In the same time in the NIID cohort we found an association of premature birth and maternal illicit drug use and HCV coinfection. The association of prematurity with HCV infection is supported by similar data reported in an Italian cohort [
19], while the association of premature delivery and maternal opioids use has been reported by CDC in three Florida hospitals [
20], the main problem being the lack of maternal access to addiction counseling and treatment.
The upward trend in the number of cases registered during the study period suggests that a higher number of premature babies should be expected in the following years, as strategies to improve the medical care for HIV pregnant women and for their offspring have to be developed and implemented.
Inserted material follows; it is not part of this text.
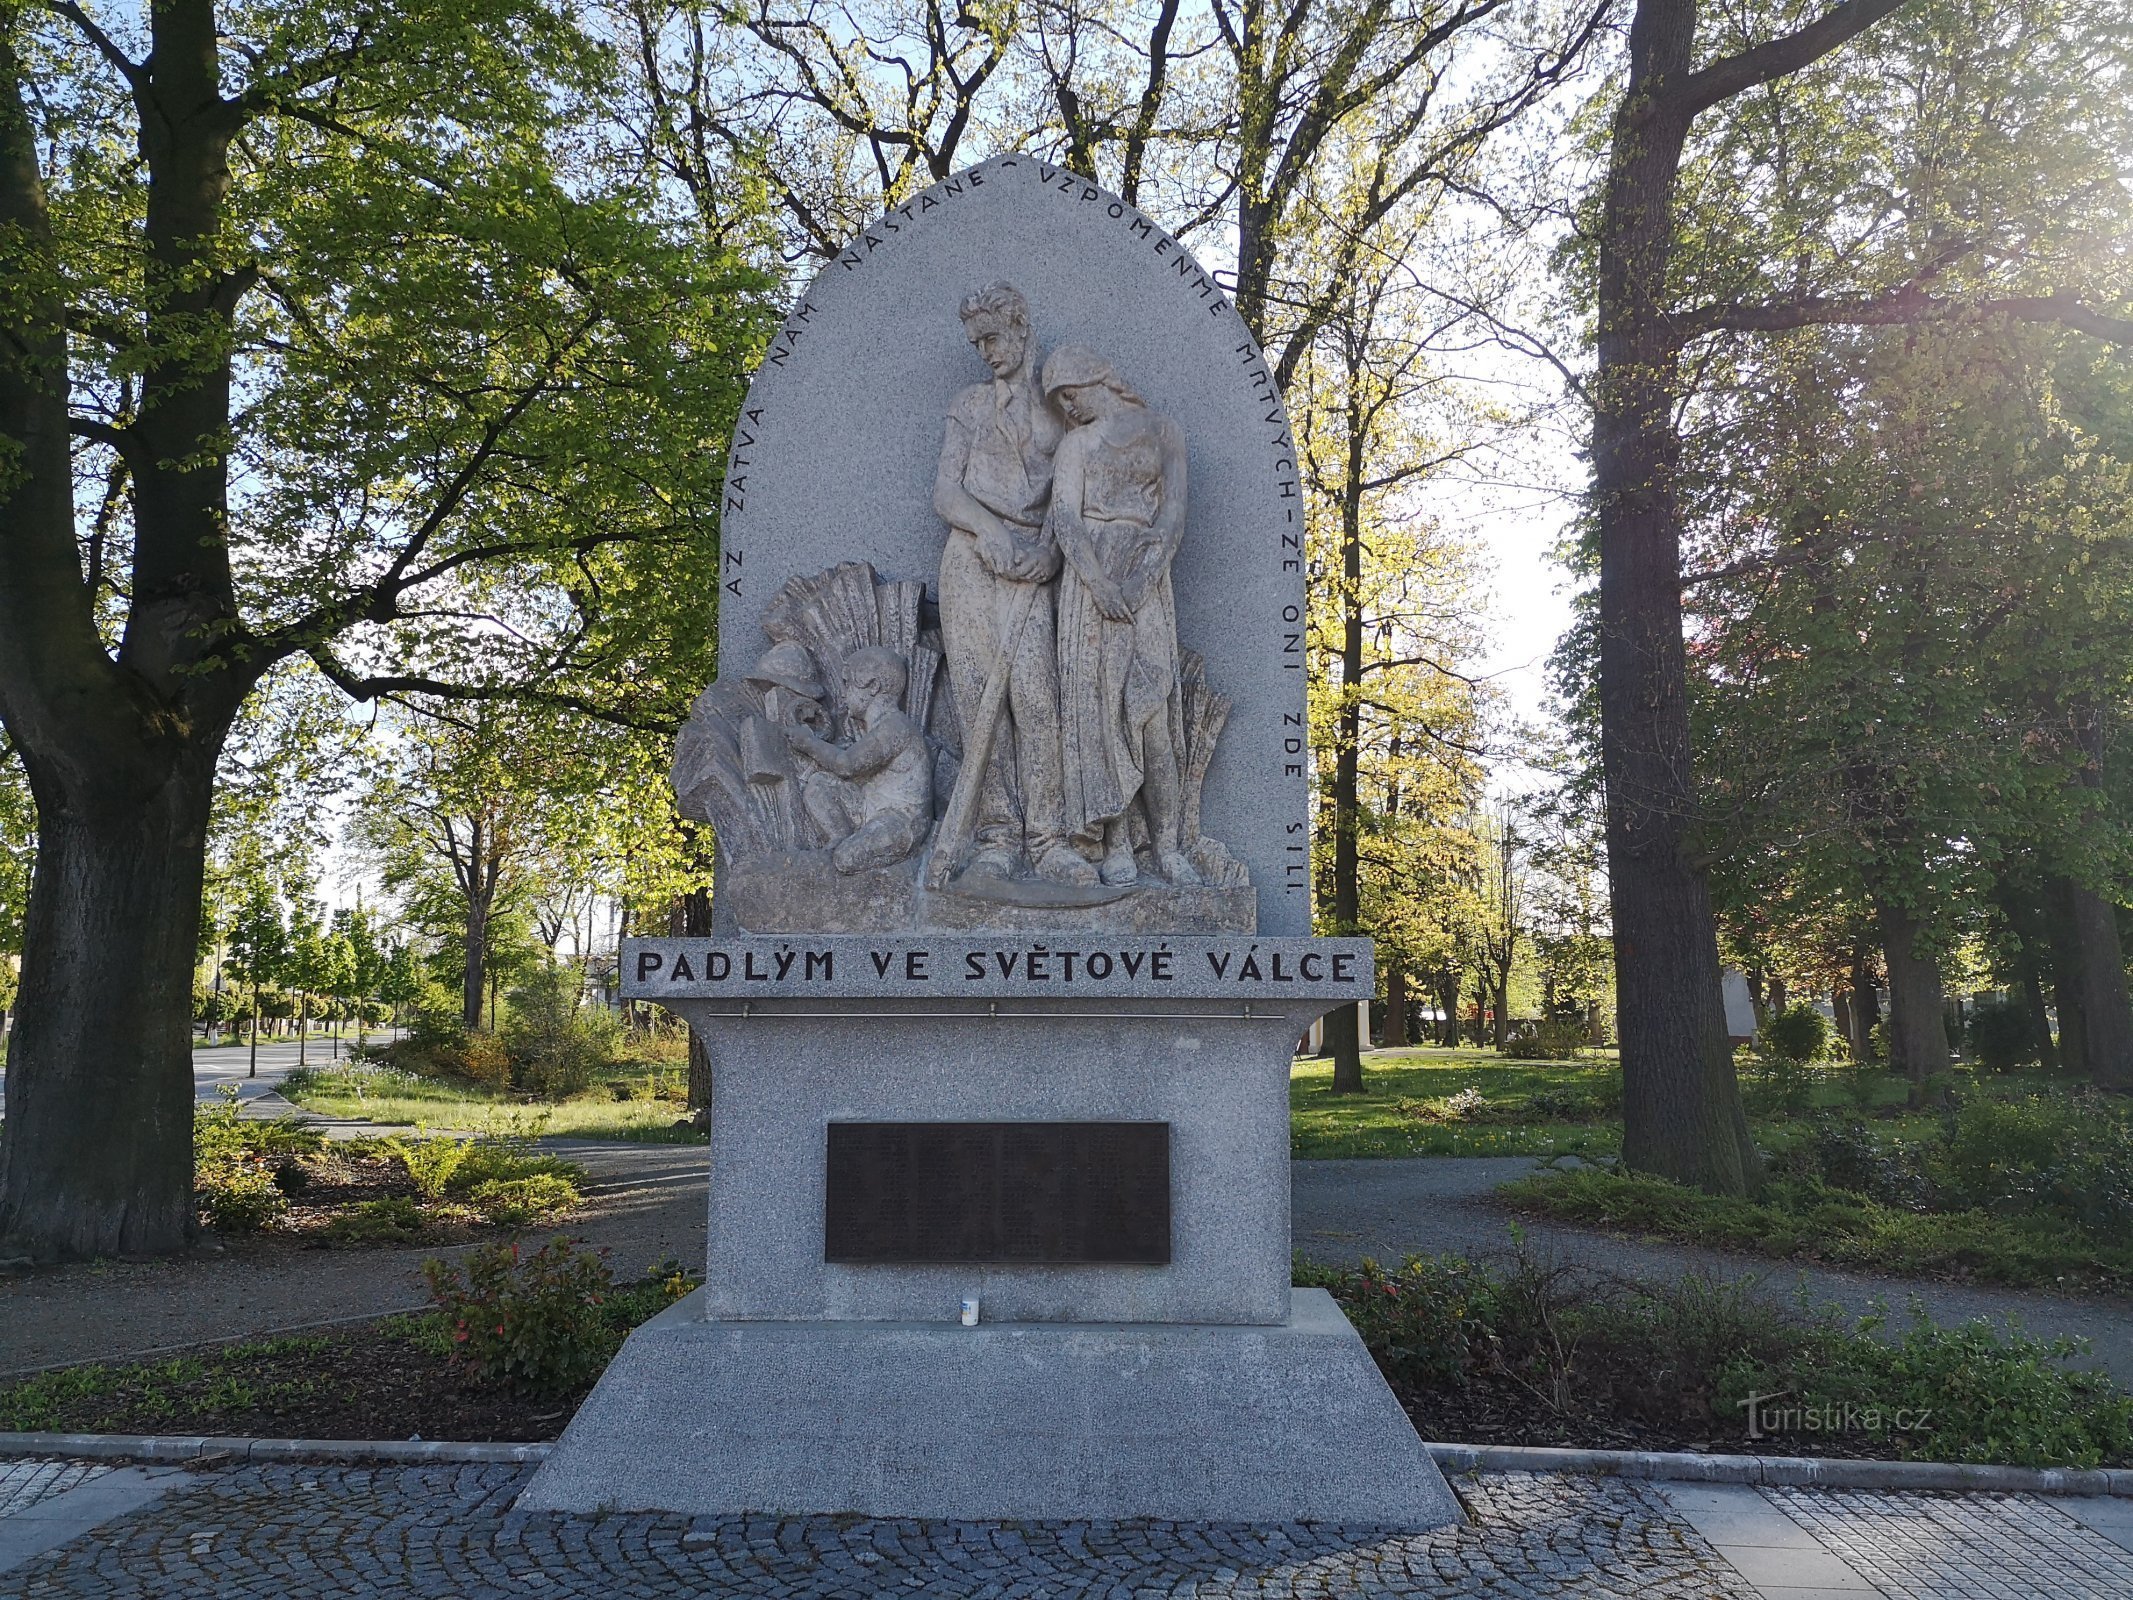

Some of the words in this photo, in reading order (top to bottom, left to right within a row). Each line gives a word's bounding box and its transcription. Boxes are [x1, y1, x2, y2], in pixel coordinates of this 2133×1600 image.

It is worth mentioning that HIV testing in Romania is free of charge and mandatory in pregnant women [
3].
Birth outcome in HIV-exposed children is a multifactorial problem. Better prenatal care for HIV pregnant women could improve the birth outcome, lowering the rate of HIV vertical transmission and prematurity.
A prospective follow-up of HIV-exposed children through the Romanian HIV Pregnancy Registry will allow a better understanding of the risk factors for prematurity in children born to long-term multidrug treated HIV-positive women.
Our study’s limitations included the design as a retrospective study, the lack of assessment of other risk factors associated with prematurity (tobacco and alcohol use, associated medication, social status in studied women), and the difference in sample size between the two sites.
Conclusion
In conclusion our study found a higher rate of premature birth and low birth weight in children born to HIV-infected women in comparison with the general population. Our assessment of differences between children and maternal characteristics in two Romanian AIDS Regional Centers showed differences in number of cases, moment of HIV treatment initiation and antiretroviral management in pregnant women.
Our findings support the need to improve medical care and psychosocial support for HIV pregnant women to ensure a better link to HIV care. More efficient strategies for early HIV infection diagnosis in women, especially before pregnancy, will lower the risk of vertical and sexual HIV transmission.